Recorded data –
# # # #

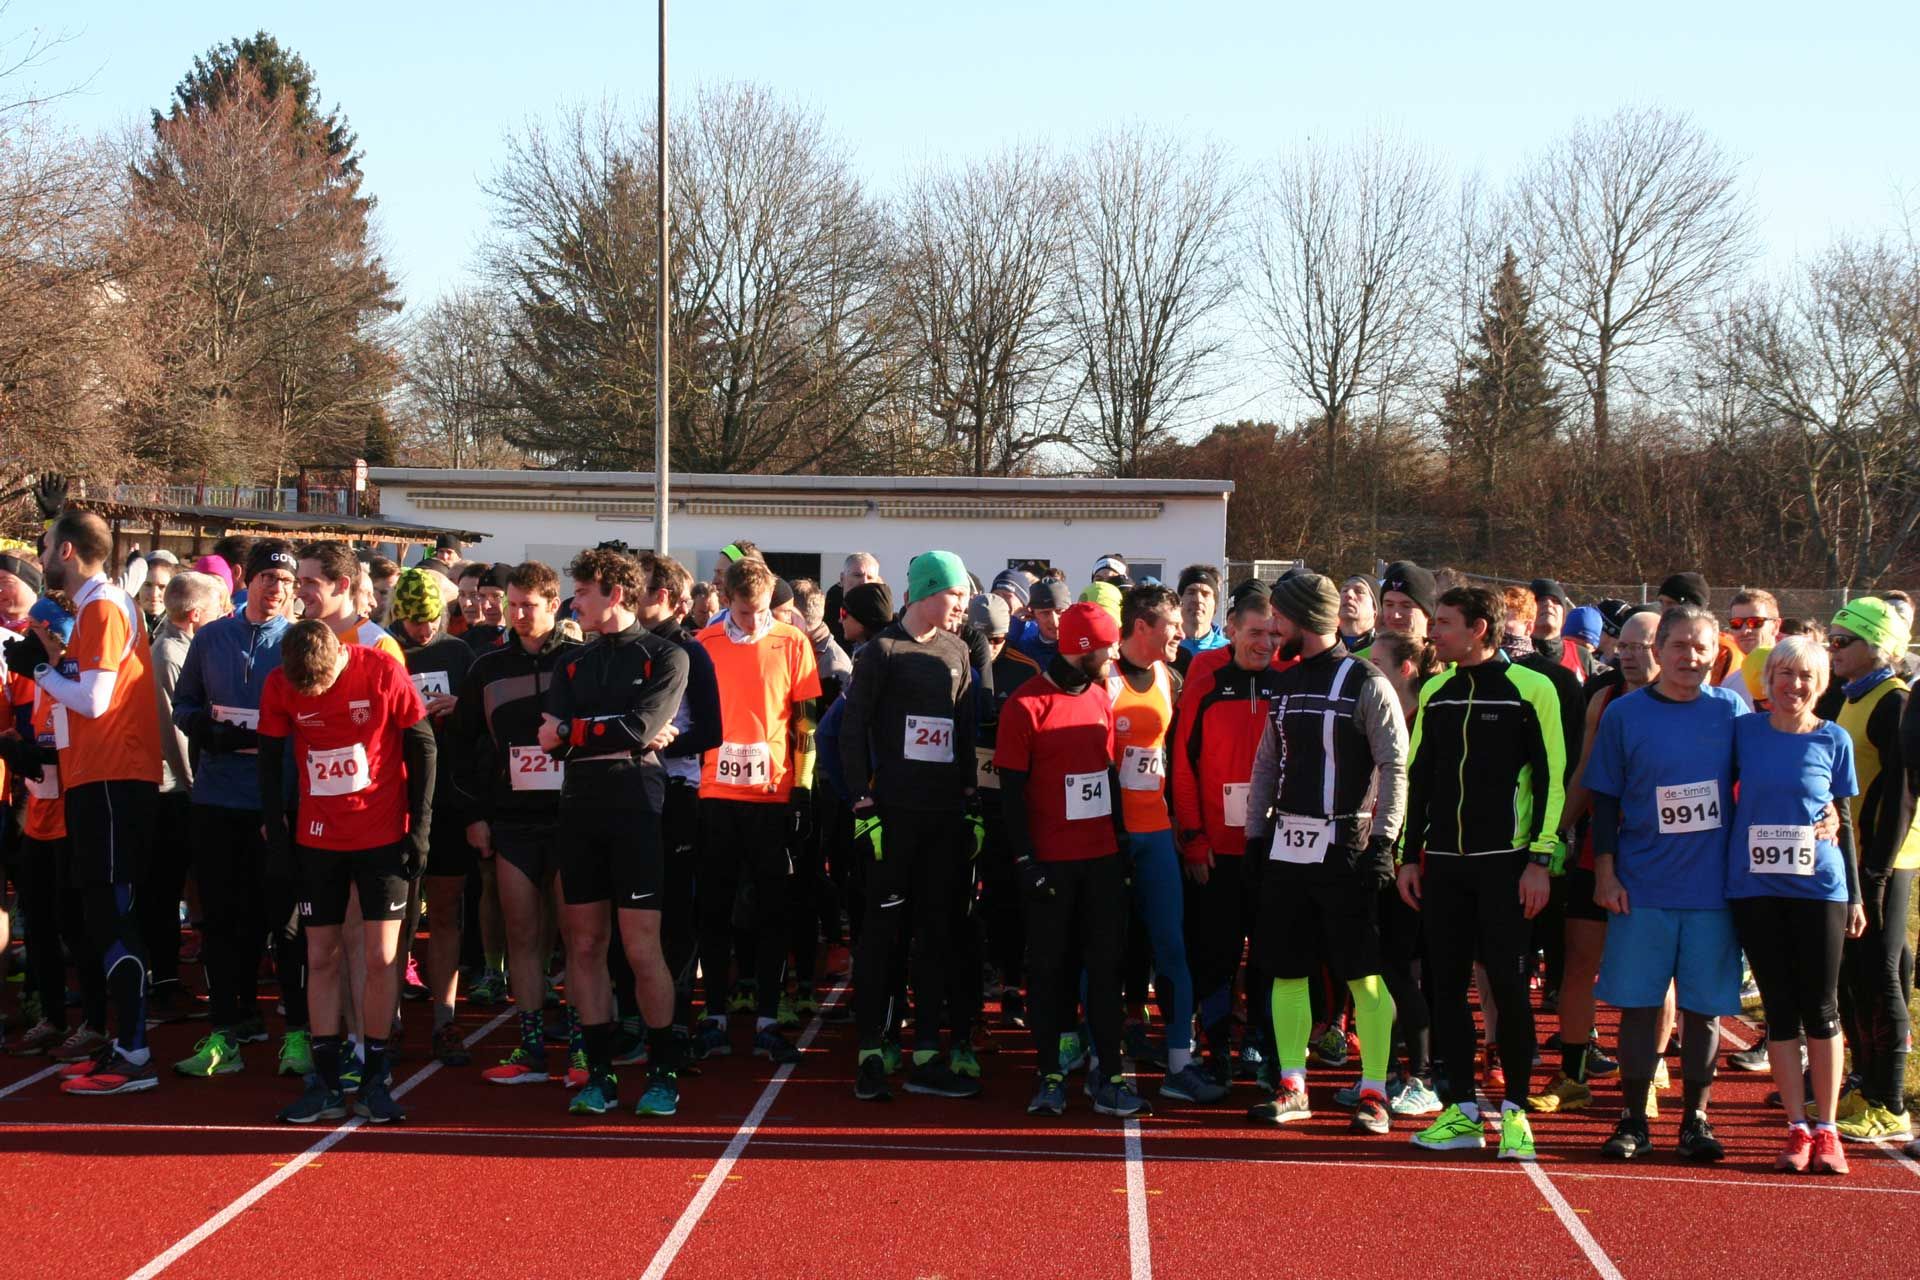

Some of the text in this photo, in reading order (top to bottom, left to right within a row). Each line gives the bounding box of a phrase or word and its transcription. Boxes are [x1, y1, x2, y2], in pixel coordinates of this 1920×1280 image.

[915, 728, 950, 747] 241
[315, 759, 359, 780] 240
[519, 755, 560, 773] 221
[719, 760, 765, 777] 9911
[1137, 757, 1159, 774] 50
[1081, 781, 1102, 801] 54
[1661, 800, 1719, 825] 9914
[310, 820, 323, 836] LH
[1283, 829, 1320, 848] 137
[1752, 846, 1812, 866] 9915
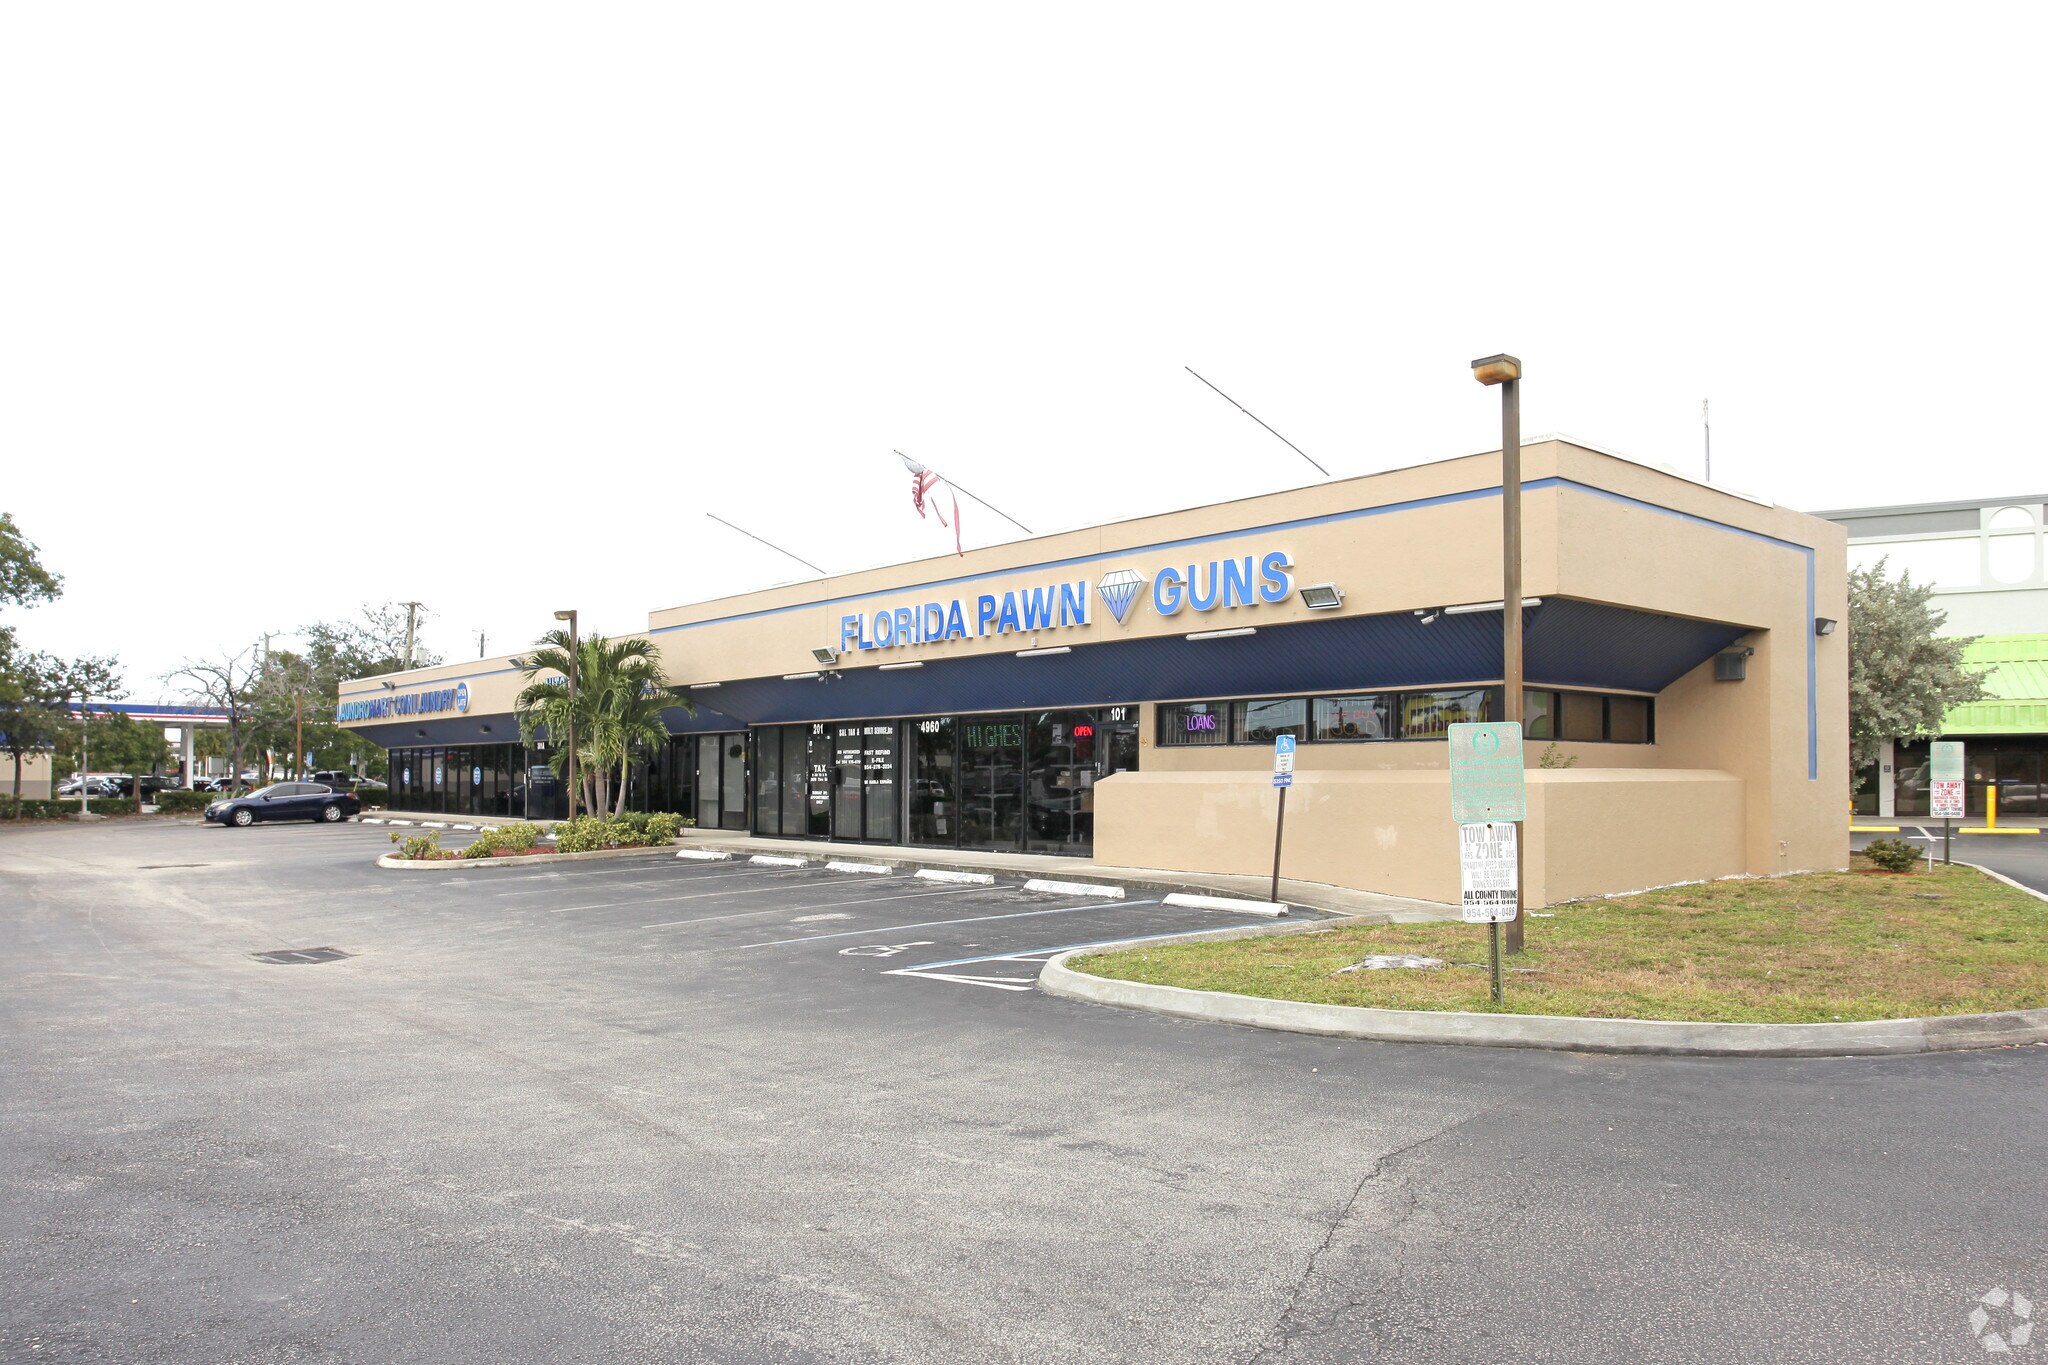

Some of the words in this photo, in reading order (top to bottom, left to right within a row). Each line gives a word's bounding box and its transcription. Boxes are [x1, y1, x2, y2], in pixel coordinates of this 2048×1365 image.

[1152, 551, 1294, 616] GUNS
[840, 600, 970, 653] FLORIDA
[977, 581, 1091, 637] PAWN
[336, 697, 392, 721] LAUNDROMART
[394, 693, 414, 714] COIN
[415, 688, 455, 713] LAUNDRY
[1110, 707, 1126, 721] 101
[1186, 714, 1216, 731] LOANS
[813, 724, 824, 734] 201
[920, 720, 940, 733] 4960
[1073, 725, 1094, 737] OPEN
[1462, 826, 1485, 843] TOW
[1489, 825, 1513, 842] AWAY
[1475, 842, 1503, 859] ZONE
[1463, 890, 1474, 900] ALL
[1475, 890, 1499, 900] COUNTY

# # # #

Problem to solve – Once the pictures are set aside, give the rest of the listing again exactly.

Exercise solution –
Some of the text in this photo, in reading order (top to bottom, left to right within a row). Each line gives the bounding box of a phrase or word and its transcription. Boxes are [x1, y1, x2, y2], in pixel coordinates of this 1920×1280 image.

[915, 728, 950, 747] 241
[315, 759, 359, 780] 240
[519, 755, 560, 773] 221
[719, 760, 765, 777] 9911
[1137, 757, 1159, 774] 50
[1081, 781, 1102, 801] 54
[1661, 800, 1719, 825] 9914
[310, 820, 323, 836] LH
[1283, 829, 1320, 848] 137
[1752, 846, 1812, 866] 9915

Some of the words in this photo, in reading order (top to bottom, left to right within a row). Each line gives a word's bounding box and its transcription. Boxes are [x1, y1, x2, y2], in pixel coordinates of this 2048×1365 image.

[1152, 551, 1294, 616] GUNS
[840, 600, 970, 653] FLORIDA
[977, 581, 1091, 637] PAWN
[336, 697, 392, 721] LAUNDROMART
[394, 693, 414, 714] COIN
[415, 688, 455, 713] LAUNDRY
[1110, 707, 1126, 721] 101
[1186, 714, 1216, 731] LOANS
[813, 724, 824, 734] 201
[920, 720, 940, 733] 4960
[1073, 725, 1094, 737] OPEN
[1462, 826, 1485, 843] TOW
[1489, 825, 1513, 842] AWAY
[1475, 842, 1503, 859] ZONE
[1463, 890, 1474, 900] ALL
[1475, 890, 1499, 900] COUNTY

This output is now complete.